In late 2016 OPEC agreed to slash the output by 1.2 million barrels per day from Jan. 1, with top exporter Saudi Arabia cutting as much as 486,000 barrels per day. Non-OPEC oil producers such as Azerbaijan, Bahrain, Brunei, Equatorial Guinea, Kazakhstan, Malaysia, Mexico, Oman, Russia, Sudan, and South Sudan agreed to reduce the output by 558,000 barrels per day. The agreement was for six months period, extendable for another six months.
In May, all the participants of last year's agreement agreed to extend it to another nine months.
Yesterday a Joint OPEC-Non-OPEC Ministerial Monitoring Committee met in St. Petersburg to review the June 2017 report as well as the first six months of the Declaration of Cooperation. After the meeting the cartel announced that OPEC deal producing countries had achieved a conformity level of 98 percent in June 2017.
Same level of high conformity was observed for the first six months of January to June 2017. Between January and June 2017, the participating producing countries adjusted their production downwards by an estimated volume of 351 million barrels, OPEC said.
Kloza noted that it appears as though Saudi Arabia has agreed to do all the heavy lifting, and cut an additional 600,000 barrels per day of exports. However, according to the expert, this is a bit misleading since the Kingdom tends to reduce exports in summer and early fall months because of the need to generate power via crude as feedstock for the air conditioning season.
“So the cut, while significant, is not as considerable as it may appear to be,” Kloza said.
Speaking about the influence of OPEC deal on the market in the next 9 months, the expert noted that it depends on its compliance from other OPEC members. According to Kloza, July has seen particularly poor compliance, and the countries that have produced over quota include Iraq, UAE, Qatar, and Kuwait -three of which usually adhere closely to the rules.
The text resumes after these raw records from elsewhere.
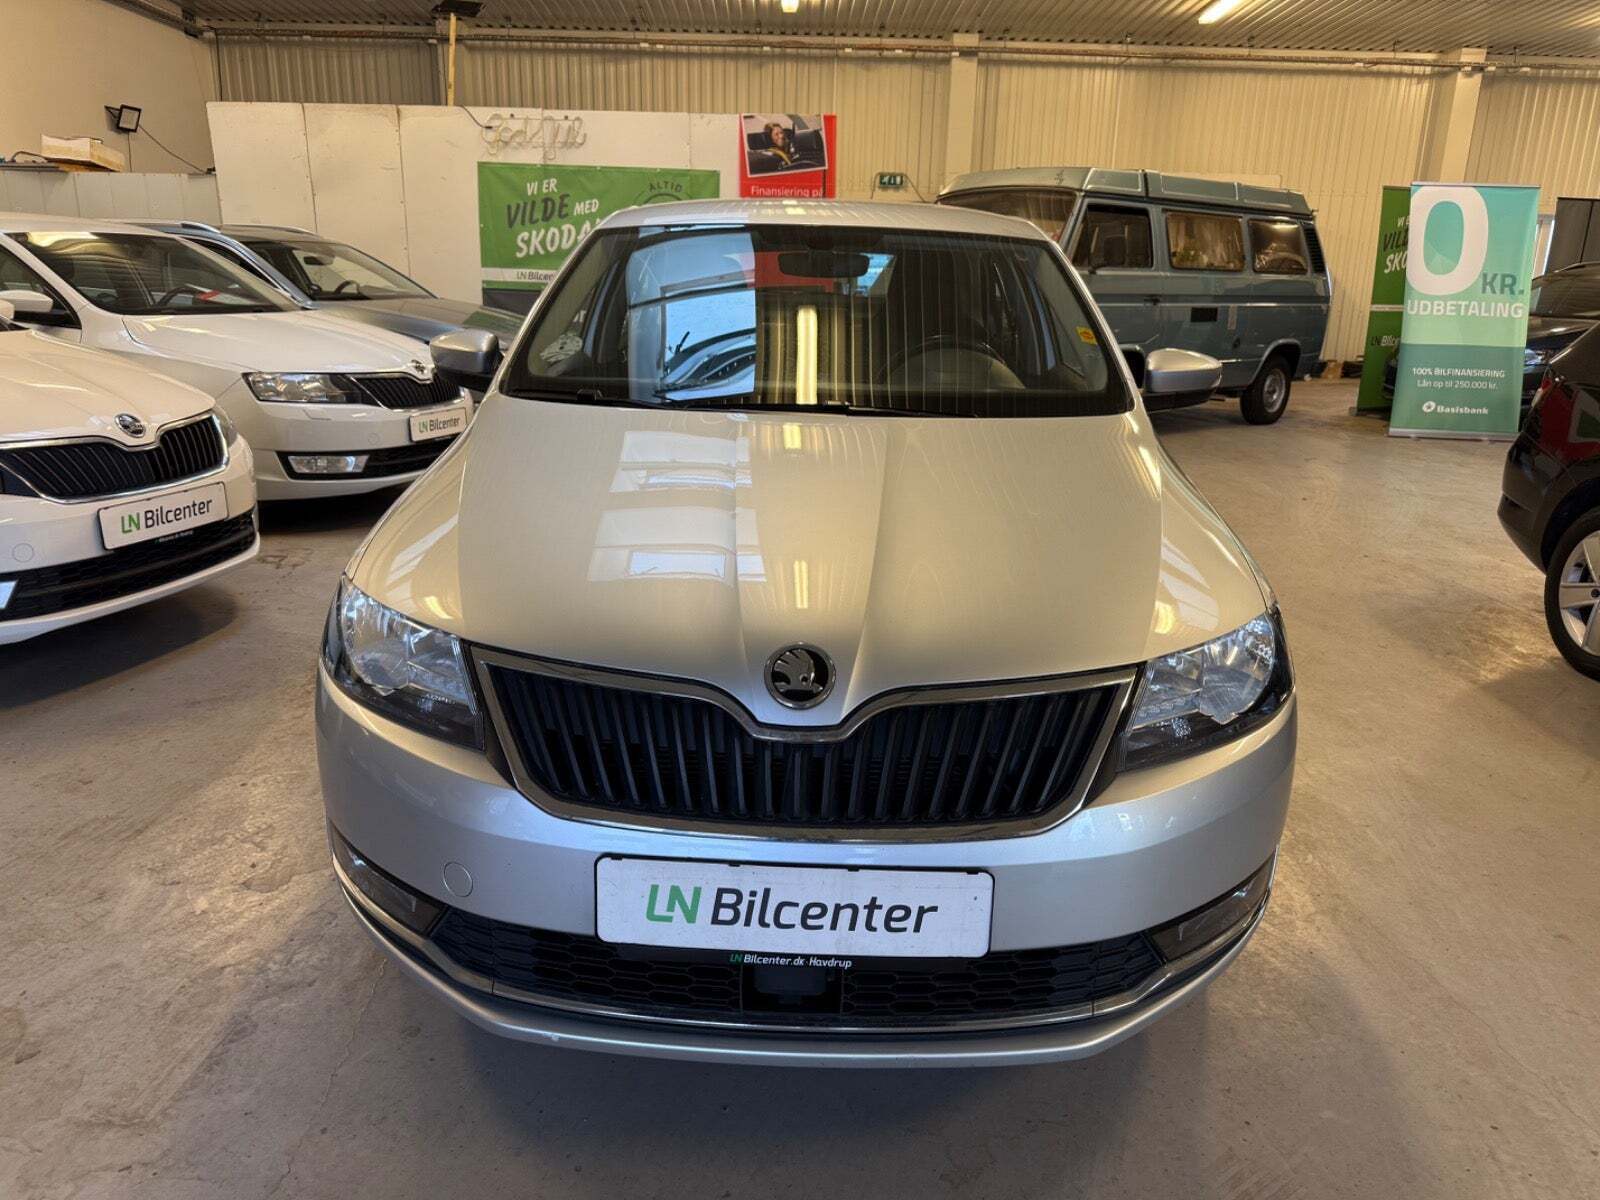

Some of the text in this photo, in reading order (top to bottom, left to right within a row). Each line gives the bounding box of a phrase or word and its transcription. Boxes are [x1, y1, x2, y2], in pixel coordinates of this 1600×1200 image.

[526, 178, 558, 196] VI ER
[751, 185, 810, 198] Finansiering
[506, 193, 599, 229] VILDE MED
[1406, 186, 1525, 296] 0 KR.
[1407, 299, 1524, 318] UDBETALING
[1412, 367, 1505, 378] 100% BILFINANSIERING
[1433, 382, 1444, 390] op
[1454, 380, 1488, 389] 250.000
[1437, 404, 1489, 415] Basisbank
[429, 417, 460, 431] Bilcenter
[121, 499, 213, 534] LN Bilcenter
[645, 884, 939, 933] LN Bilcenter
[730, 953, 742, 963] LN
[809, 957, 853, 969] Havdrup
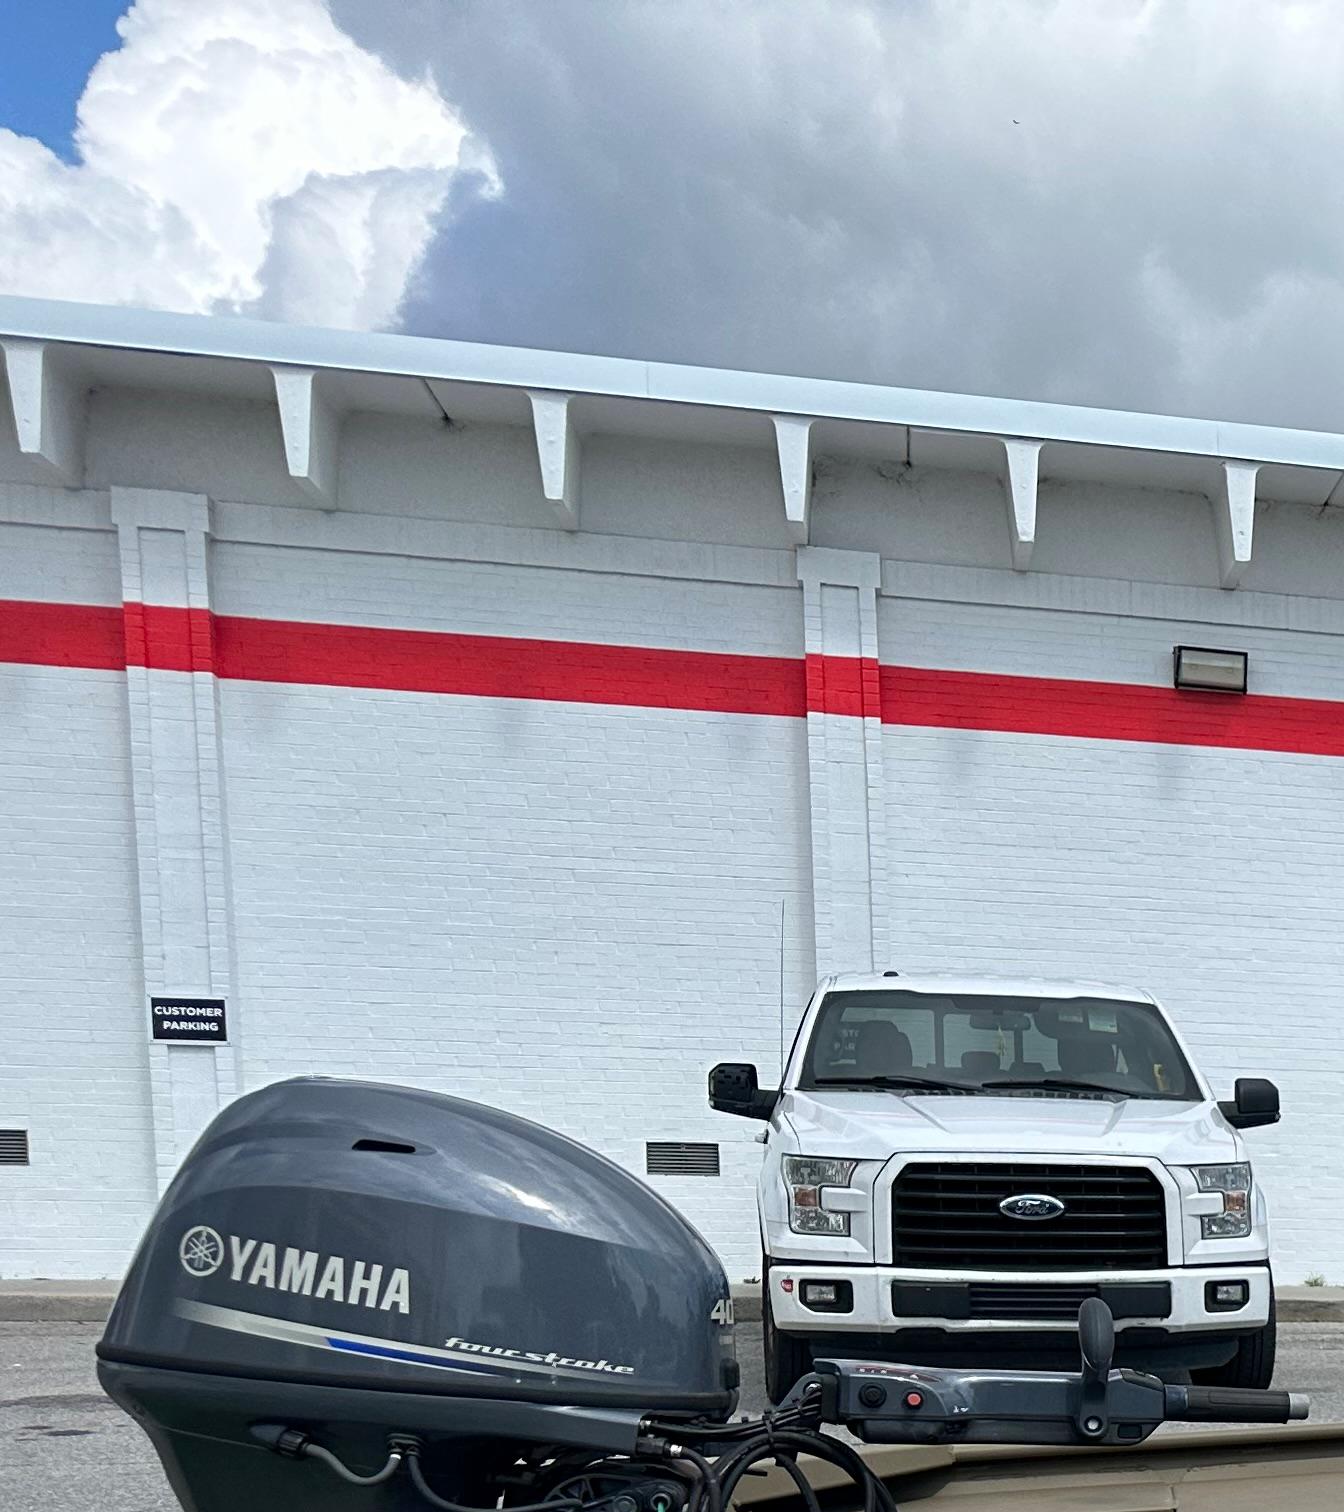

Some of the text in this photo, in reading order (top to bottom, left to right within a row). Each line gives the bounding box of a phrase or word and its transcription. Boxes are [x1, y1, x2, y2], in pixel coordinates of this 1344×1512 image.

[153, 1005, 223, 1018] CUSTOMER
[162, 1020, 219, 1032] PARKING
[229, 1235, 411, 1315] YAMAHA
[710, 1299, 735, 1325] 40
Commenting on oil production levels in Libya and Nigeria, both oil producing nations exempted from production cut to allow them restoring oil industry damaged in militant attacks, Kloza said that the “caps” put on output of these countries are well above likely 2017 production capability.
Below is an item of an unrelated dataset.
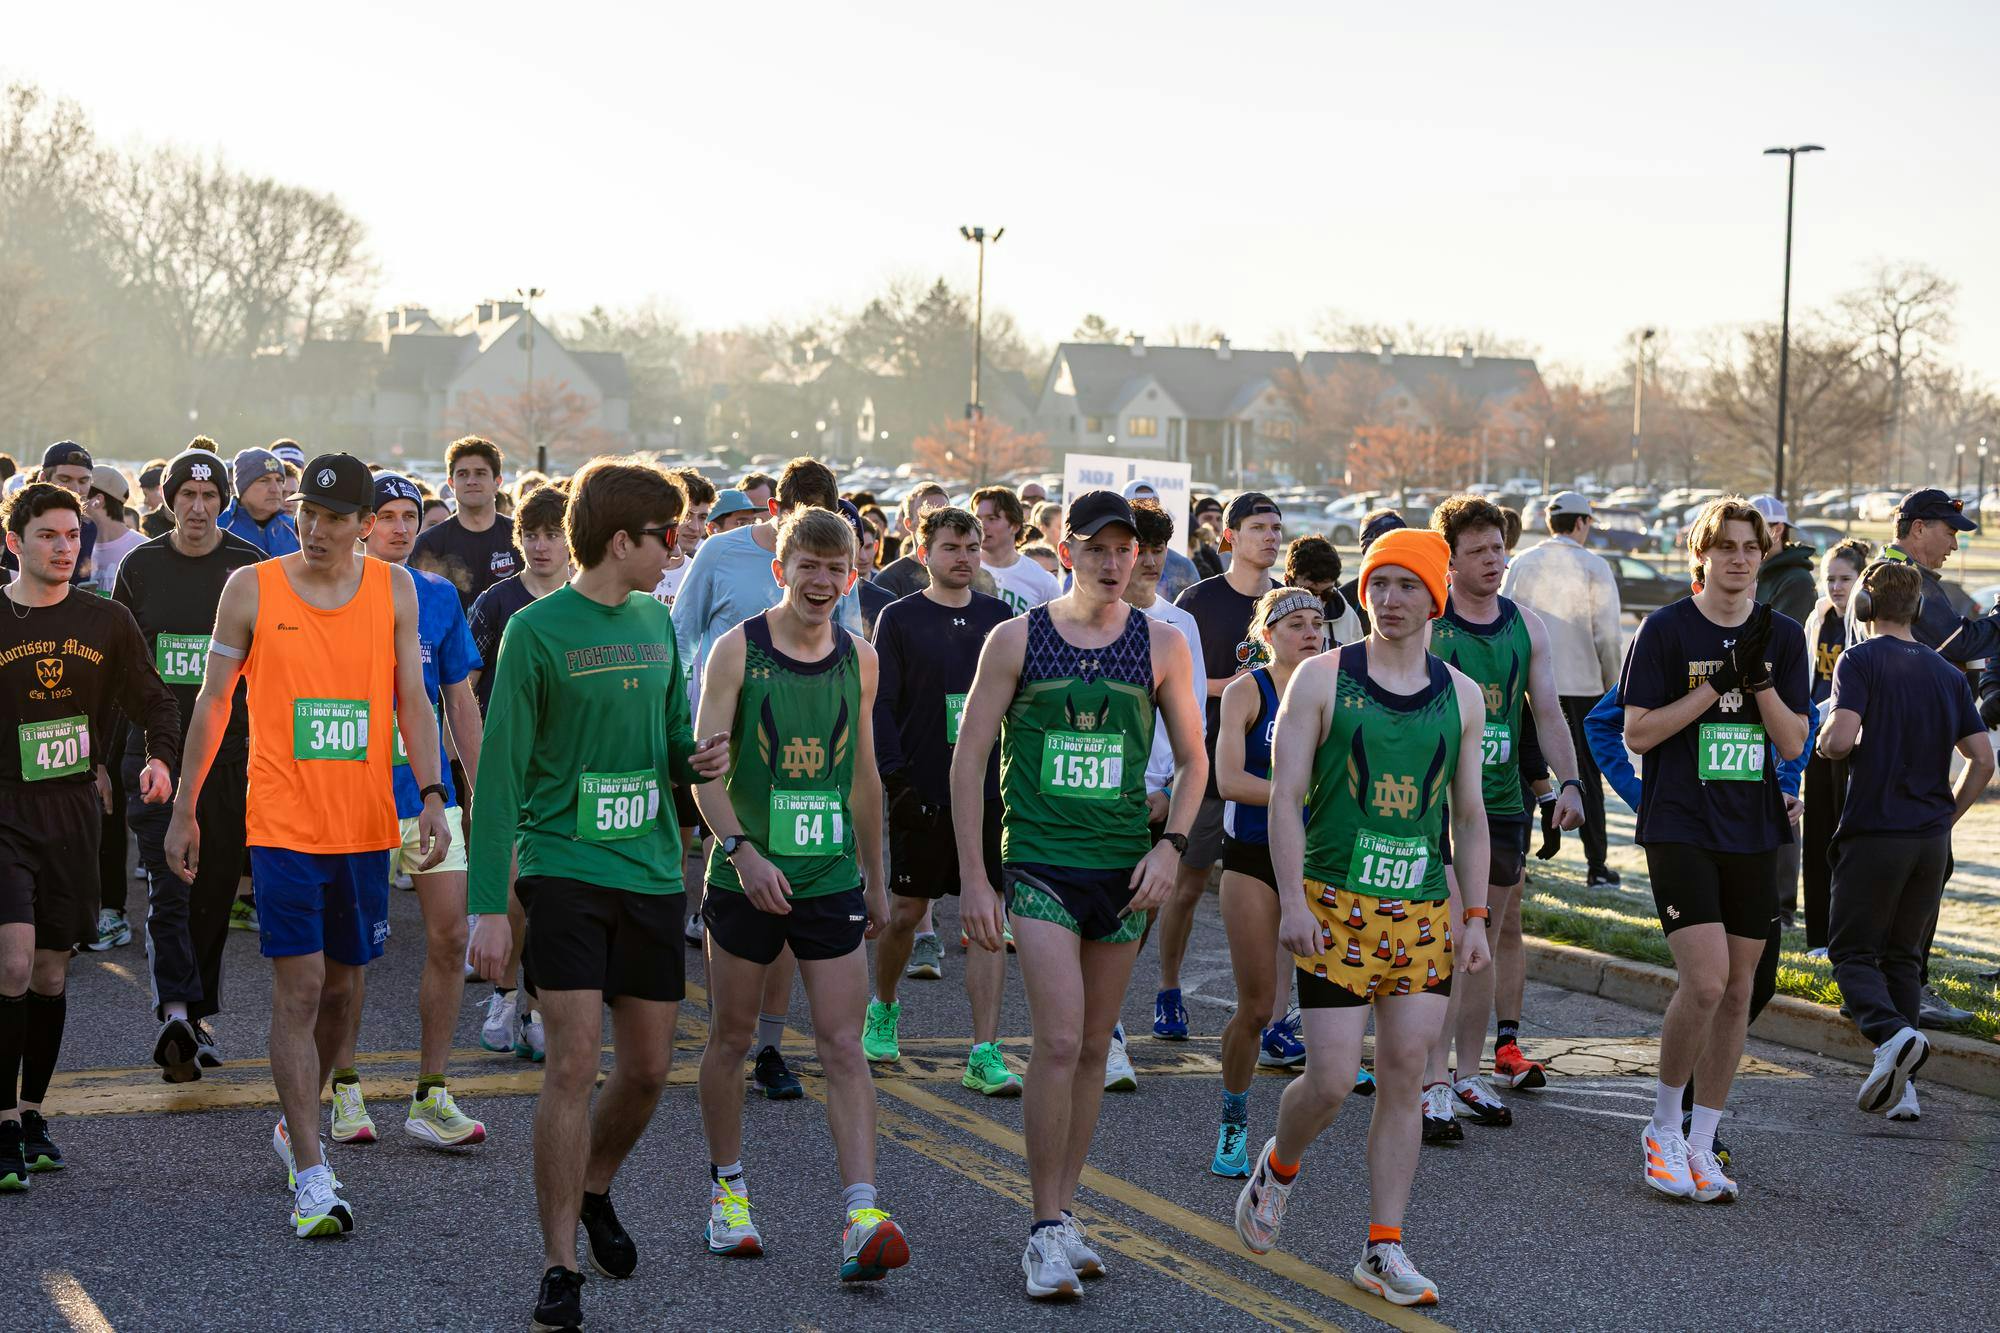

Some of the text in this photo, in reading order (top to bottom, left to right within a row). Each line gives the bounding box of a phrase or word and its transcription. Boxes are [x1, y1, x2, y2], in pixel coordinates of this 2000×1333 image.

Earlier high representatives of Nigeria and Libya announced their plans to cap oil production at 1.8 million barrels per day and 1.25 million barrels per day in 2017, respectively.
“In 2018, Nigeria could ostensibly exceed the 1.8-million b/d cap and produce 2.1-million b/d if chaos does not return to the oil fields. Libya is probably not capable of sustaining production of more than 1-million b/d so the 1.25-million b/d cap is a bit meaningless,” the expert said.
He also expects continued growth in US oil shale, and some new output in the North Sea, Russia and Brazil in the winter and spring months.
Kloza noted that probability of extension of oil output cut deal for a longer period is about 50 percent.
“The Saudis will not subsidize others’ production forever, and I doubt whether they will cut further,” Kloza said, adding that the IPO of Saudi ARAMCO National Oil Company next year puts Saudi Arabia in a very difficult position in terms of strategy.